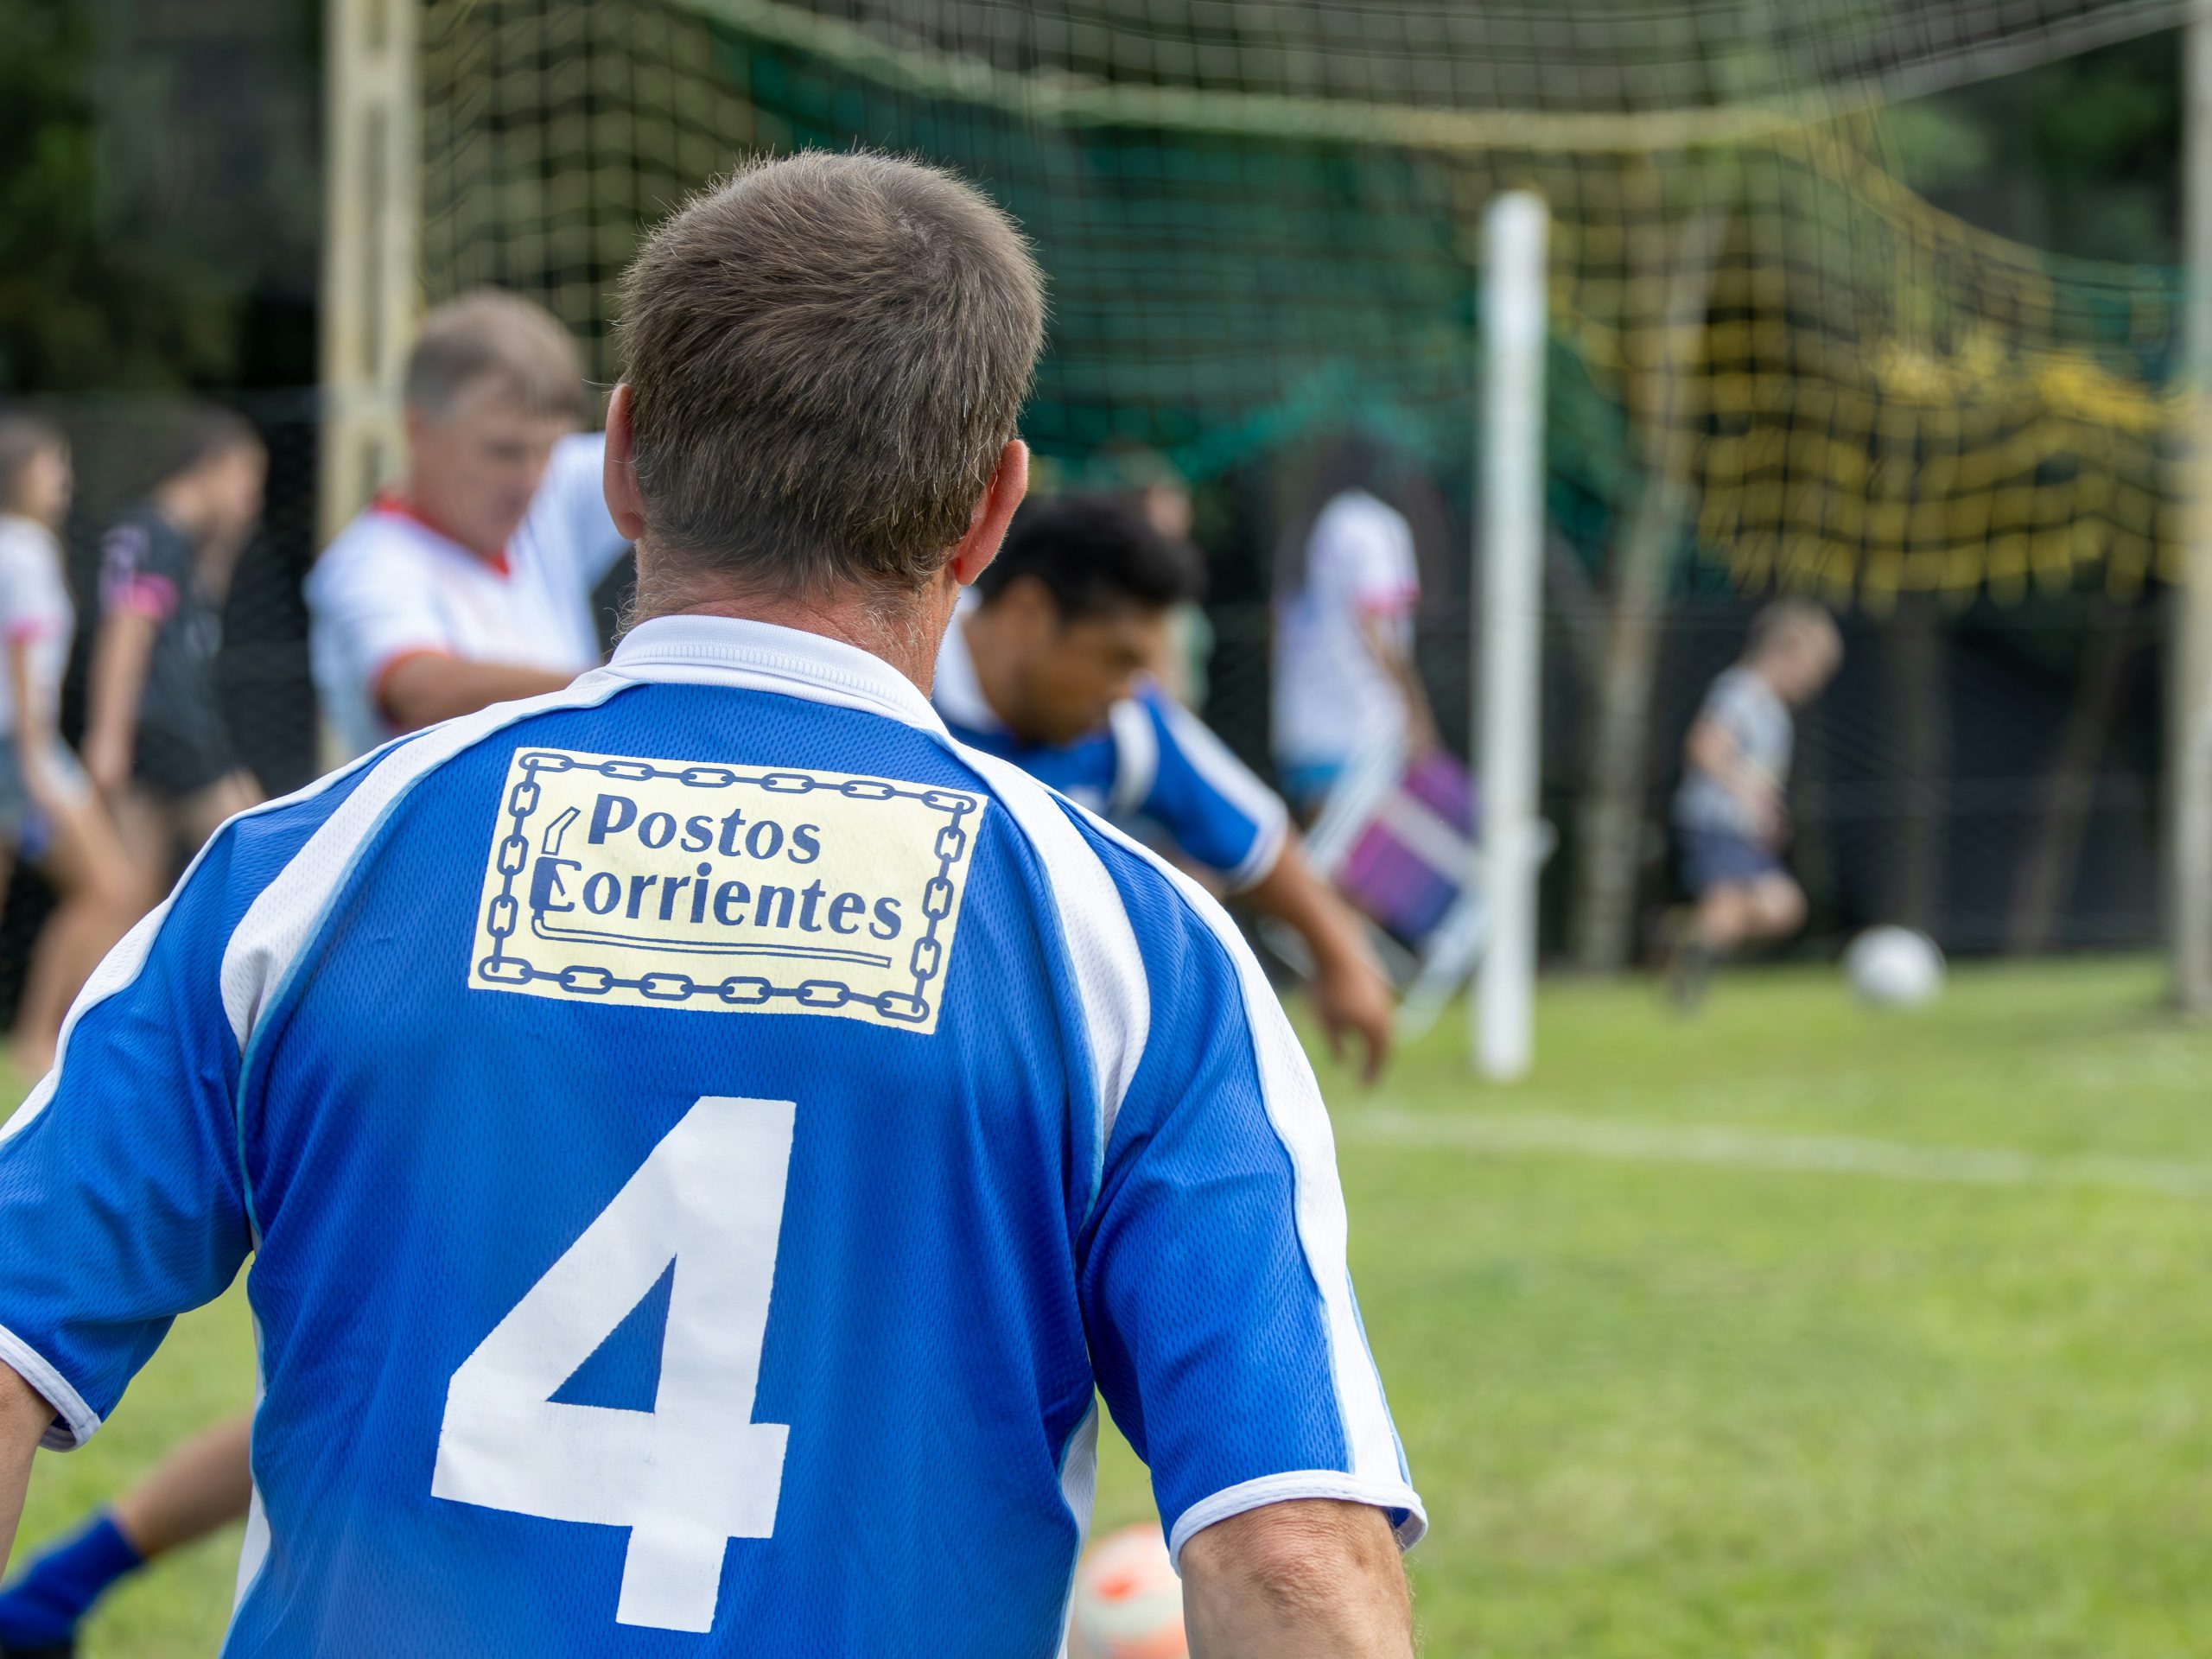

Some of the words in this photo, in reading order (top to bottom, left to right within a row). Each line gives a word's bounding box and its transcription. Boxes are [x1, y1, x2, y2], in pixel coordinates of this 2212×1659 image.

[588, 793, 821, 864] Postos
[529, 856, 903, 940] Corrientes
[430, 1095, 797, 1634] 4
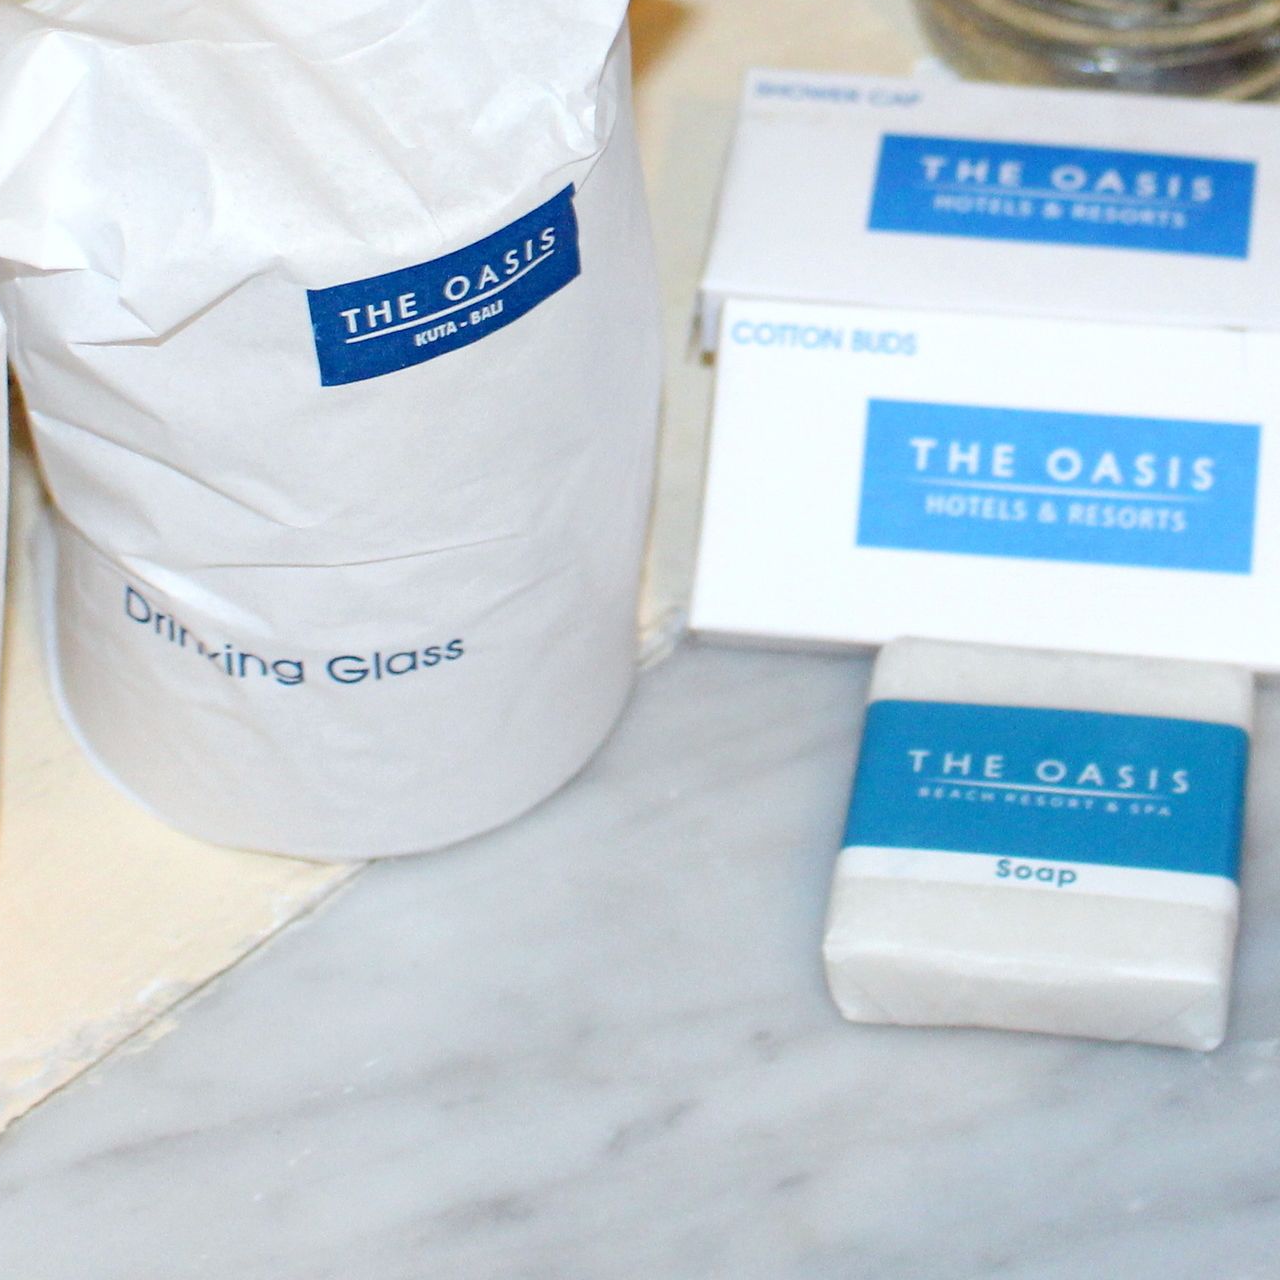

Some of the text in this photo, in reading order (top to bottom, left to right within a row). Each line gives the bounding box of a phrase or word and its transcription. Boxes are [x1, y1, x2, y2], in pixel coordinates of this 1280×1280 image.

[921, 154, 1214, 203] THE OASIS
[932, 193, 1033, 219] HOTELS
[1071, 202, 1188, 229] RESORTS
[340, 227, 556, 334] THE OASIS
[415, 321, 458, 347] KUTA
[470, 299, 504, 326] BALI
[731, 320, 919, 356] COTTON BUDS
[909, 437, 1216, 492] THE OASIS
[924, 494, 1188, 533] HOTELS & RESORTS
[326, 637, 465, 685] Glass
[908, 749, 1190, 795] THE OASIS
[918, 786, 996, 802] BEACH
[995, 858, 1078, 889] Soap
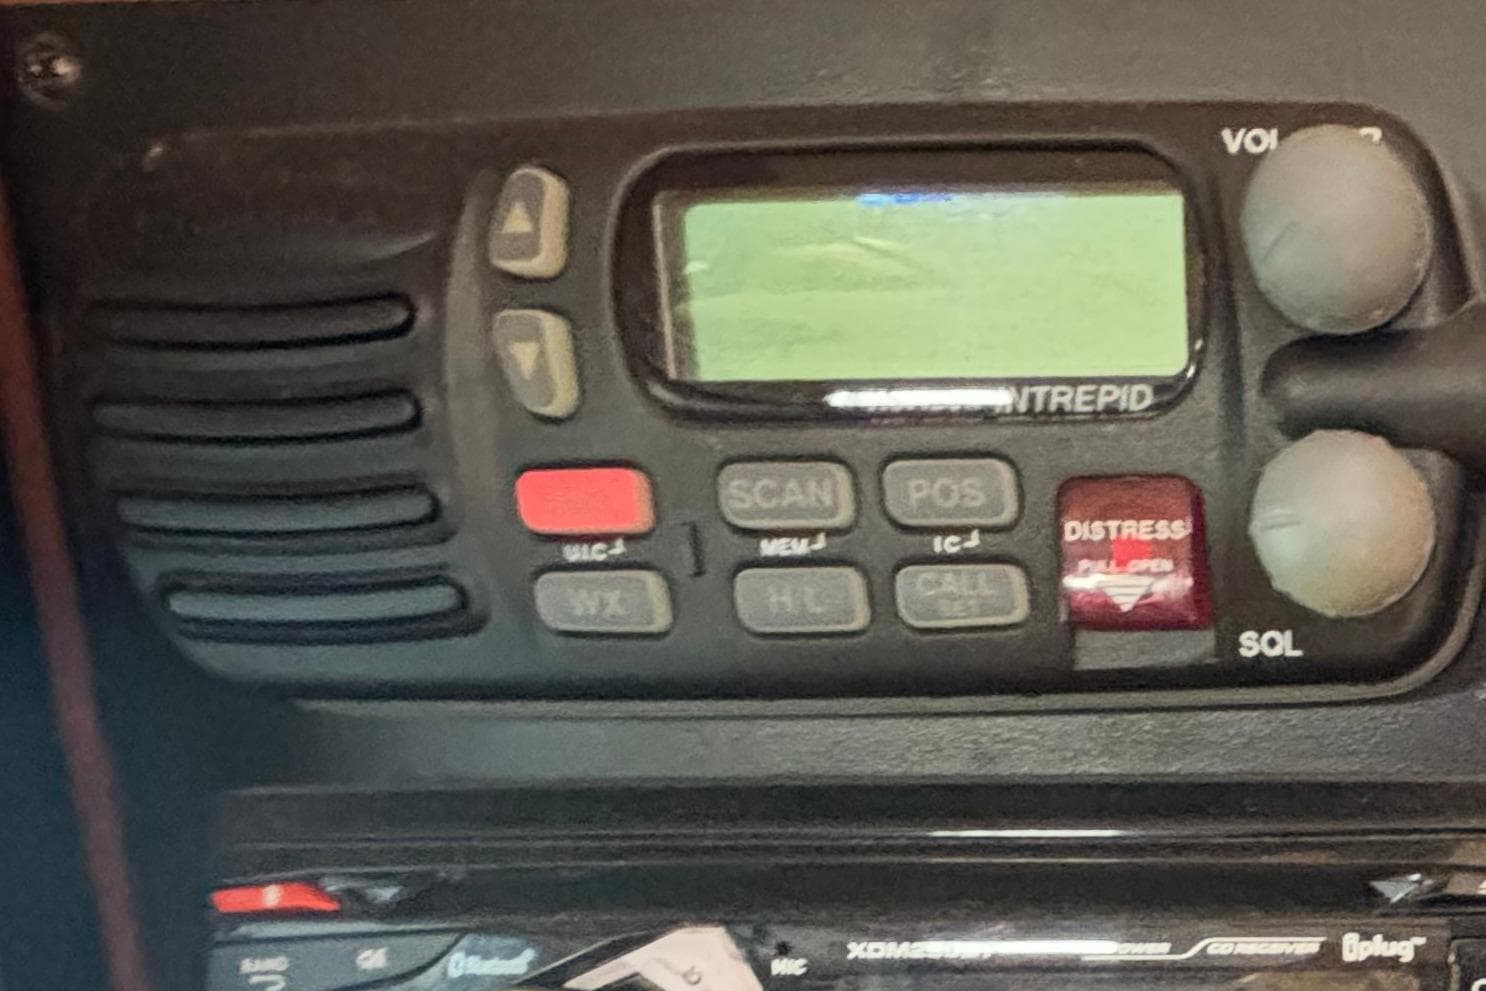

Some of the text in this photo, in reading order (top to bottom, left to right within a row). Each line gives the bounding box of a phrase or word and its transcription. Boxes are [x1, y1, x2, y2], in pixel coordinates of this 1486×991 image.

[729, 478, 833, 509] SCAN
[908, 478, 985, 508] POS
[1064, 519, 1189, 541] DISTRESS
[1238, 630, 1304, 659] SQL

● ● ● ● ●

Restate the records above word for word. Skip every picture.

RESULT OF THIS TASK:
Some of the words in this photo, in reading order (top to bottom, left to right within a row). Each line gives a word's bounding box and its transcription. Boxes are [x1, y1, x2, y2], in pixel coordinates of this 2212×1659 image.

[588, 793, 821, 864] Postos
[529, 856, 903, 940] Corrientes
[430, 1095, 797, 1634] 4

Some of the text in this photo, in reading order (top to bottom, left to right within a row). Each line gives the bounding box of a phrase or word and its transcription. Boxes are [x1, y1, x2, y2], in pixel coordinates of this 1280×1280 image.

[921, 154, 1214, 203] THE OASIS
[932, 193, 1033, 219] HOTELS
[1071, 202, 1188, 229] RESORTS
[340, 227, 556, 334] THE OASIS
[415, 321, 458, 347] KUTA
[470, 299, 504, 326] BALI
[731, 320, 919, 356] COTTON BUDS
[909, 437, 1216, 492] THE OASIS
[924, 494, 1188, 533] HOTELS & RESORTS
[326, 637, 465, 685] Glass
[908, 749, 1190, 795] THE OASIS
[918, 786, 996, 802] BEACH
[995, 858, 1078, 889] Soap

Some of the text in this photo, in reading order (top to bottom, left to right within a row). Each line gives the bounding box of a phrase or word and its transcription. Boxes are [x1, y1, x2, y2], in pixel coordinates of this 1486×991 image.

[729, 478, 833, 509] SCAN
[908, 478, 985, 508] POS
[1064, 519, 1189, 541] DISTRESS
[1238, 630, 1304, 659] SQL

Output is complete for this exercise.